Certificates representing shares sold in a registered public offering pursuant
to Section 7 shall not be required to bear the legend set forth in Section 10.

          12.  Specific Performance. The parties recognize and agree that if
               --------------------
for any reason any of the provisions of this Agreement are not performed in
accordance with their specific terms or are otherwise breached, immediate and
irreparable harm or injury would be caused for which money damages would not
be an adequate remedy. Accordingly, each party agrees that, in addition to
other remedies, the other party shall be entitled to an injunction restraining
any violation or threatened violation of the provisions of this Agreement. In
the event that any action should be brought in equity to enforce the
provisions of this Agreement, neither party will allege, and each party hereby
waives the defense, that there is an adequate remedy at law.

                                       7

 
          13.  Entire Agreement. This Agreement and the Reorganization
               ----------------
Agreement (including the Company Disclosure Schedule and the Parent Disclosure
Schedule relating thereto) constitute the entire agreement among the parties
with respect to the subject matter hereof and supersede all other prior
agreements and understandings, both written and oral, among the parties or any
of them with respect to the subject matter hereof.

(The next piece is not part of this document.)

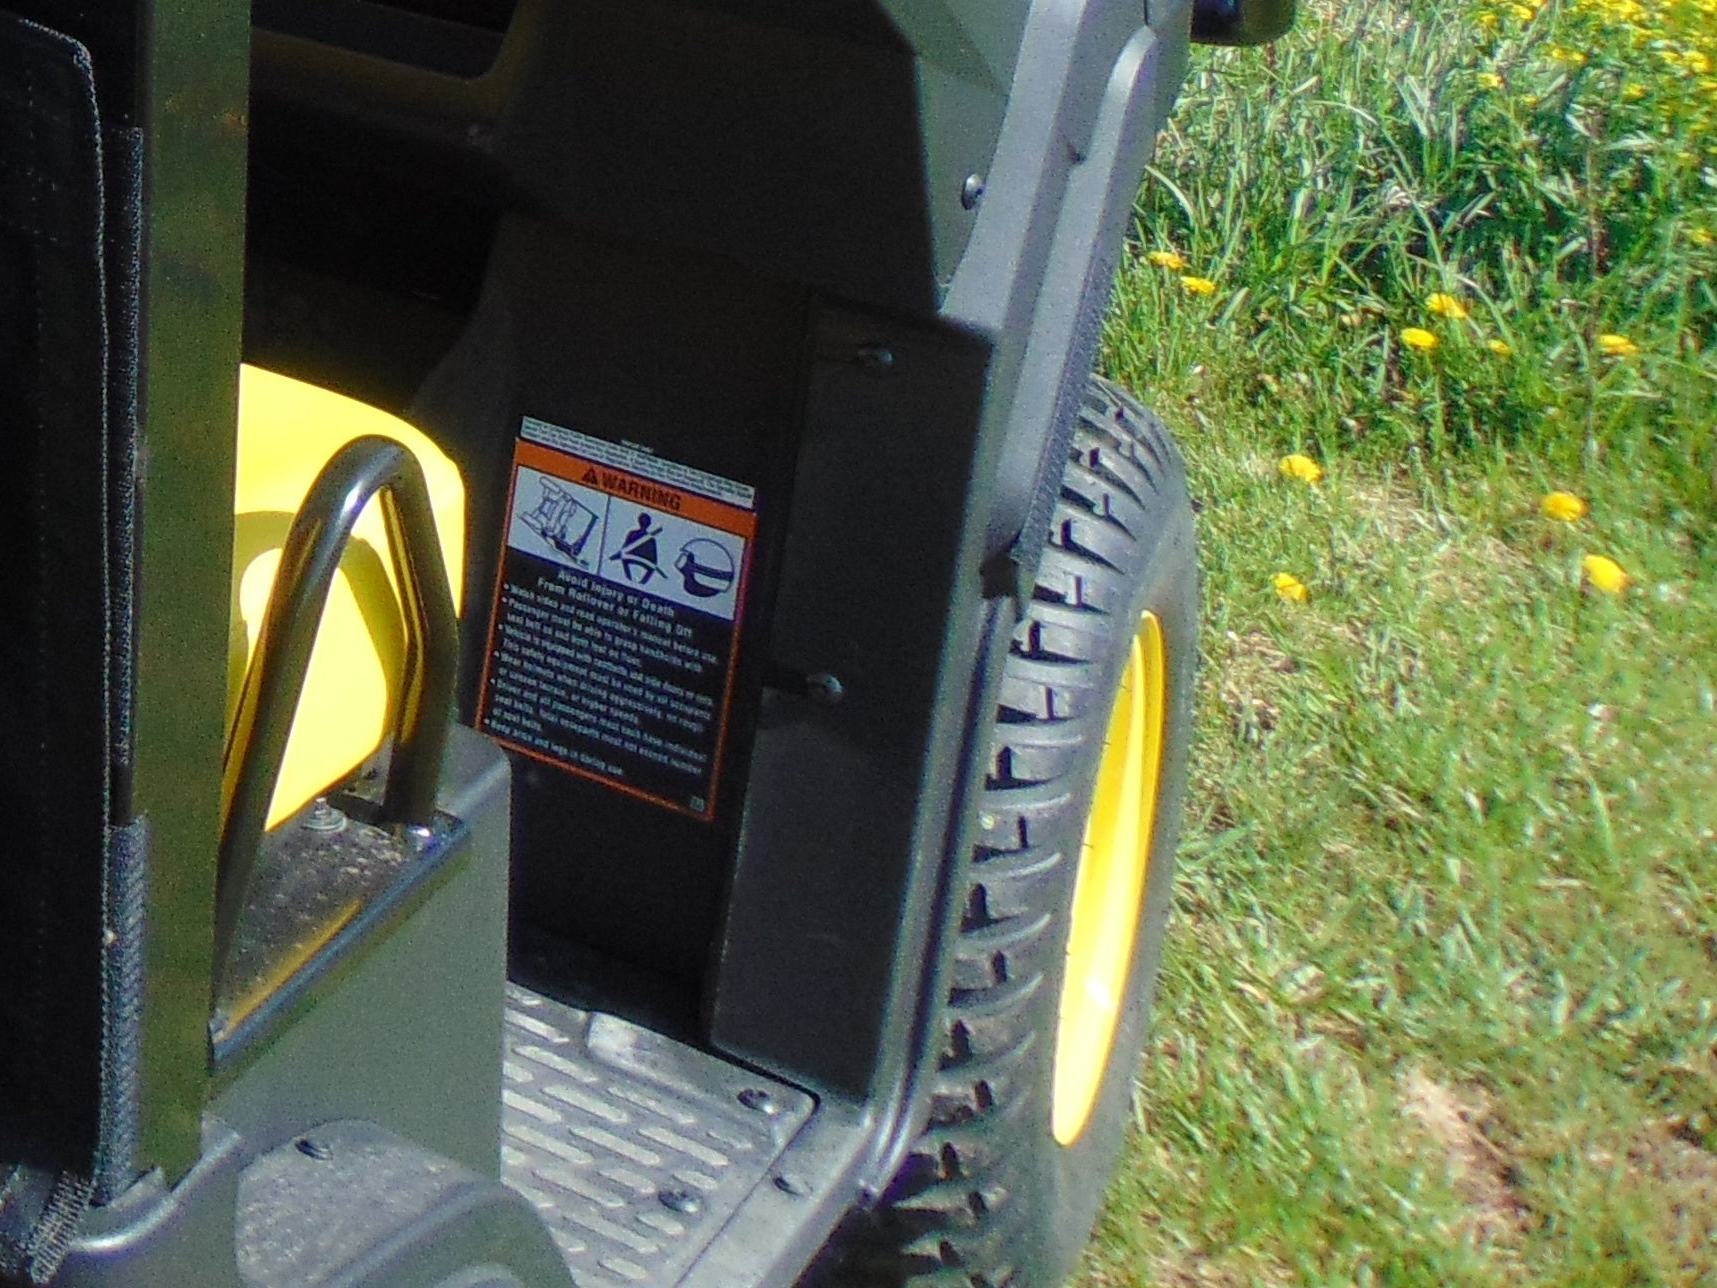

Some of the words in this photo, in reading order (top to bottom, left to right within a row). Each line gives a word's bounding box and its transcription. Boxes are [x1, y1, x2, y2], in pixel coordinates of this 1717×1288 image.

          14.  Further Assurance. Each party will execute and deliver all such
               -----------------
further documents and instruments and take all such further action as may be
necessary in order to consummate the transactions contemplated hereby.

          15.  Validity. The invalidity or unenforceability of any provision of
               --------
this Agreement shall not affect the validity or enforceability of the other
provisions of this Agreement, which shall remain in full force and effect. In
the event any court or other competent authority holds any provision of this
Agreement to be null, void or unenforceable, the parties hereto shall
negotiate in good faith the execution and delivery of an amendment to this
Agreement in order, as nearly as possible, to effectuate, to the extent
permitted by law, the intent of the parties hereto with respect to such
provision. Each party agrees that, should any court or other competent
authority hold any provision of this Agreement or part hereof to be null, void
or unenforceable, or order any party to take any action inconsistent herewith,
or not take any action required herein, the other party shall not be entitled
to specific performance of such provision or part hereof or to any other
remedy, including but not limited to money damages, for breach hereof or of
any other provision of this Agreement or part hereof as the result of such
holding or order.

          16.  Notices. Any notice or communication required or permitted
               -------
hereunder shall be in writing and either delivered personally, telegraphed or
telecopied or sent by certified or registered mail, postage prepaid, and shall
be deemed to be given, dated and received when so delivered personally,
telegraphed or telecopied or, if mailed, five business days after the date of
mailing to the following address or telecopy number, or to such other address
or addresses as such person may subsequently designate by notice given
hereunder.

               (a)  if to Parent or Merger Sub, to:

                    E*TRADE Group, Inc.
                    Four Embarcadero Place
                    2400 Geng Road
                    Palo Alto, CA  94303
                    Attention: Thomas A. Bevilacqua, Esq.
                    Facsimile No.:  (650) 842-8781
                    Telephone No.:  (650) 842-2475
 
                    with a copy to:
 
                    Brobeck, Phleger & Harrison LLP
                    2200 Geng Road
                    Two Embarcadero Place

                                       8

 
                    Palo Alto, CA  94303
                    Attention: Curtis L. Mo, Esq.
                    Facsimile No.:  (650) 496-2885

                    and



                    Brobeck, Phleger & Harrison LLP
                    Spear Street Tower
                    One Market
                    San Francisco, CA  94105
                    Attention:  J. Michael Shepherd, Esq.
                                Steve L. Camahort, Esq.
                    Facsimile No.:  (415) 442-1010

               (b)  if to Company, to:
                    Telebanc Financial Corporation
                    1111 North Highland Street
                    Arlington, VA  22201-2807
                    Attention:  President
                    Facsimile No.:  (703) 524-0556

                    with a copy to:

                    Hogan & Hartson LLP
                    Columbia Square
                    555 Thirteenth Street, N.W.
                    Washington D.C. 20204
                    Attention:   Steven Museles, Esq.
                                 Stuart Stein, Esq.
                    Facsimile No.:   (202) 637-5600


          17.  Governing Law. This Agreement shall be governed by and construed
               -------------
in accordance with the laws of the State of Delaware applicable to agreements
made and to be performed entirely within such State without regard to any
applicable conflicts of law rules.

          18.  Descriptive Headings. The descriptive headings herein are
               --------------------
inserted for convenience of reference only and are not intended to be part of
or to affect the meaning or interpretation of this Agreement.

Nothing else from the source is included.